**PROBLEM STATEMENT:**
Write out, word for word, every line from the one containing "Some of the text" through the last line of the records below, both ends included.

+++ EXERCISE DATA +++

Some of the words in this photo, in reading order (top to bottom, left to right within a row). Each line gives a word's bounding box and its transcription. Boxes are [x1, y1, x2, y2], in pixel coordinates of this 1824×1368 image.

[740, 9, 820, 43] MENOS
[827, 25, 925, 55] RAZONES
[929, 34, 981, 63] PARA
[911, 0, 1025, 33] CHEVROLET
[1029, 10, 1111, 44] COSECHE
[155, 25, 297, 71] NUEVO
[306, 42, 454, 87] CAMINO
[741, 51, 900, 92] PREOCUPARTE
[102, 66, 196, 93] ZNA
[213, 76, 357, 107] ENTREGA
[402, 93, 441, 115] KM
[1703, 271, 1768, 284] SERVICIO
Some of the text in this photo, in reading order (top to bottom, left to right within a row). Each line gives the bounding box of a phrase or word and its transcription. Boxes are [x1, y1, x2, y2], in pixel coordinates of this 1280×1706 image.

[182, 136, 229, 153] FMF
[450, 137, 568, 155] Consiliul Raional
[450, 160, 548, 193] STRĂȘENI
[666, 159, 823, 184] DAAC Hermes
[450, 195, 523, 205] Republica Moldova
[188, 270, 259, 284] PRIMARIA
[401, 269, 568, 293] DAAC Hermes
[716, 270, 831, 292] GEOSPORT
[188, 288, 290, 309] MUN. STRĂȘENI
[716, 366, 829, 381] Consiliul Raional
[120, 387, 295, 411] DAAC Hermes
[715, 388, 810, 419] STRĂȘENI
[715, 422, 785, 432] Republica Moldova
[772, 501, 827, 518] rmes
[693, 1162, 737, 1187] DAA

+++

**FINISHED TASK:**
Some of the text in this photo, in reading order (top to bottom, left to right within a row). Each line gives the bounding box of a phrase or word and its transcription. Boxes are [x1, y1, x2, y2], in pixel coordinates of this 1280×1706 image.

[182, 136, 229, 153] FMF
[450, 137, 568, 155] Consiliul Raional
[450, 160, 548, 193] STRĂȘENI
[666, 159, 823, 184] DAAC Hermes
[450, 195, 523, 205] Republica Moldova
[188, 270, 259, 284] PRIMARIA
[401, 269, 568, 293] DAAC Hermes
[716, 270, 831, 292] GEOSPORT
[188, 288, 290, 309] MUN. STRĂȘENI
[716, 366, 829, 381] Consiliul Raional
[120, 387, 295, 411] DAAC Hermes
[715, 388, 810, 419] STRĂȘENI
[715, 422, 785, 432] Republica Moldova
[772, 501, 827, 518] rmes
[693, 1162, 737, 1187] DAA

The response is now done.